I ran. Without being able to make sense of it. Feeling the concrete underneath my sock with every stride. Wondering if it would have made more sense to save my energy for the avalanche of shaming certain to begin at any moment. To my surprise, I arrived at first base before the ball did. I’d barely begun heading to second when I was mobbed my teammates. Everyone was cheering. It was pandemonium.
For five minutes, we lost our minds jumping up and down in celebration! Before I knew it the principal was calling for order, and congratulating my class on his funnel shaped megaphone. With every jump I felt pebbles and rocks up against the sock left unprotected by my bottomless sneaker, but no one was making fun of me. No one even seemed to have noticed.
Out of the corner of my eye I spotted Andy, tears running out of his eyes, pleading with Ms. Solara. “What a sore loser,” I thought. All of the other kids had begun to disperse, but Andy just wouldn’t quit. “It’s not fair! It’s not fair!”

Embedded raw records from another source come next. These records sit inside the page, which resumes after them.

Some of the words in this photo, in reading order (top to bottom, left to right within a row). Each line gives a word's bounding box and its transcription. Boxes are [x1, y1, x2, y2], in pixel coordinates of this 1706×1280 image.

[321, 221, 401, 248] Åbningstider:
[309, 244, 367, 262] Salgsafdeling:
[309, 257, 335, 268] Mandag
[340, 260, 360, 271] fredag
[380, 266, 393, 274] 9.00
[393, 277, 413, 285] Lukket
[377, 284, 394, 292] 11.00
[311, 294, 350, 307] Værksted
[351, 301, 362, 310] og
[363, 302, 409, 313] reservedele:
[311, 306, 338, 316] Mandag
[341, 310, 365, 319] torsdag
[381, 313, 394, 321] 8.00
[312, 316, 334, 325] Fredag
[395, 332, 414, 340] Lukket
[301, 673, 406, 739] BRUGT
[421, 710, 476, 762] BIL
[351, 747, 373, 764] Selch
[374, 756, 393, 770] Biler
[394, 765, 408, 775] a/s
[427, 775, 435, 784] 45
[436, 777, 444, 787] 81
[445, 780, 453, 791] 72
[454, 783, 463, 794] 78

During the game Andy had been playing shortstop. He may have been greasy but he was a good kickball player. Once he picked up on my botched kick the game was all but over, until my no frills footwear came to the rescue. As the bottom of my sneaker flew into the air Andy’s cat-like reflexes betrayed him. Instead of tracking the ball, he instinctively reacted to the flying sole, the pursuit of which took him out of position to make what otherwise would have been a routine play. By the time he realized what he was doing, the ball had passed by him into the outfield, giving my team the base hit that we needed to win.
Shortly after the celebration died down, Ms. Solara walked over to me holding the game saving flap of rubber (or plastic, or whatever it was those shoes were made of). Andy had finally given up pleading with her. “Might be time for a new pair,” she smiled as she handed it to me.
On any other day a classmate of mine likely would have retrieved it, taunting me mercilessly, perhaps throwing it back and forth between other classmates while I tried to capture it enduring my own personal nightmare. Not this time though. Indigence had saved the day. It was the ace up my sleeve allowing me to topple Greasy Andy and his minions. There would be no Pac-man jokes. No pointing and teasing as I walked towards the bus stop in a blackened sock loosely cloaked in a thin sneaker shell. I was no joke. I was Angel Del Villar, the winner, who delivered the game winning kick, carrying his gym class to victory.